**Data:**
[Start of Attachment]

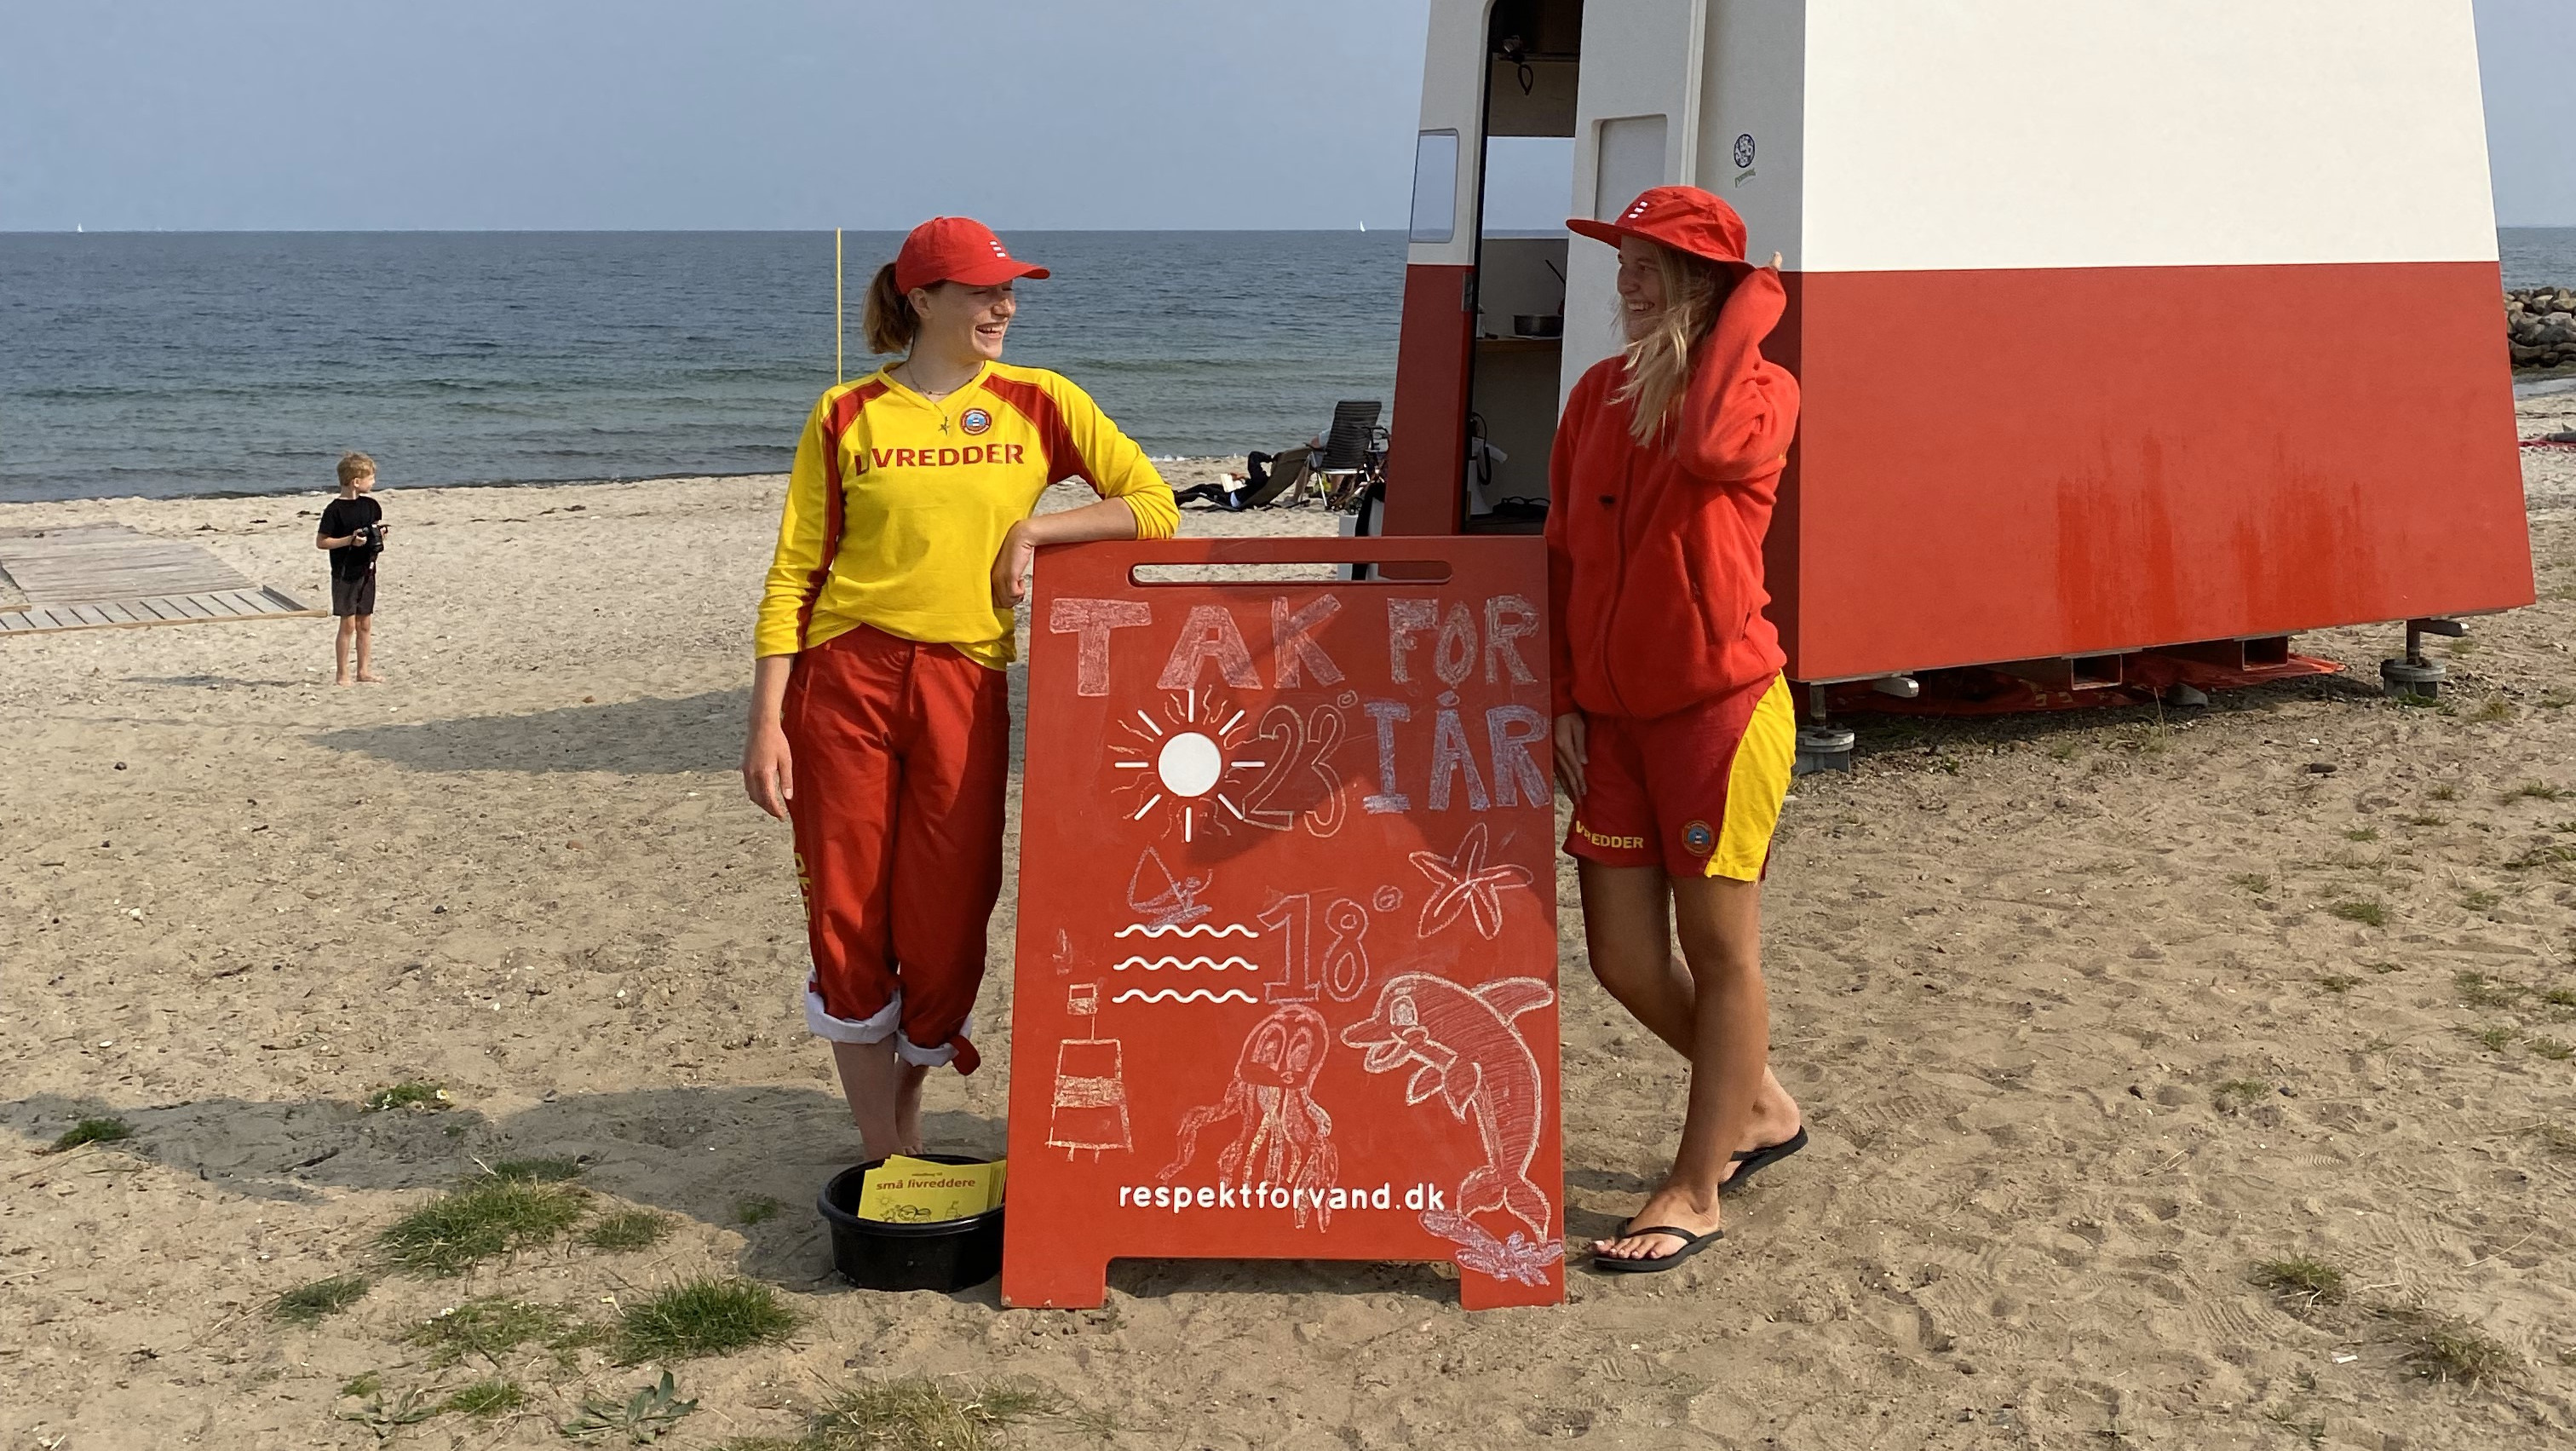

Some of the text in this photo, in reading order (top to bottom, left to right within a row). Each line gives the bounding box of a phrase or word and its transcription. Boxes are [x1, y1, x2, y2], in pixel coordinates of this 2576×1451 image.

[854, 443, 1024, 476] LVREDDER
[1049, 593, 1540, 697] TAK FOR
[1363, 689, 1550, 815] I ÅR
[876, 1177, 976, 1190] små livreddere
[1118, 1180, 1446, 1214] respektforvand.dk

[End of Attachment]

**What to work on:**
Would you repeat each line of the listing exactly, skipping any picture?

**Answer space:**
Some of the text in this photo, in reading order (top to bottom, left to right within a row). Each line gives the bounding box of a phrase or word and its transcription. Boxes are [x1, y1, x2, y2], in pixel coordinates of this 2576×1451 image.

[854, 443, 1024, 476] LVREDDER
[1049, 593, 1540, 697] TAK FOR
[1363, 689, 1550, 815] I ÅR
[876, 1177, 976, 1190] små livreddere
[1118, 1180, 1446, 1214] respektforvand.dk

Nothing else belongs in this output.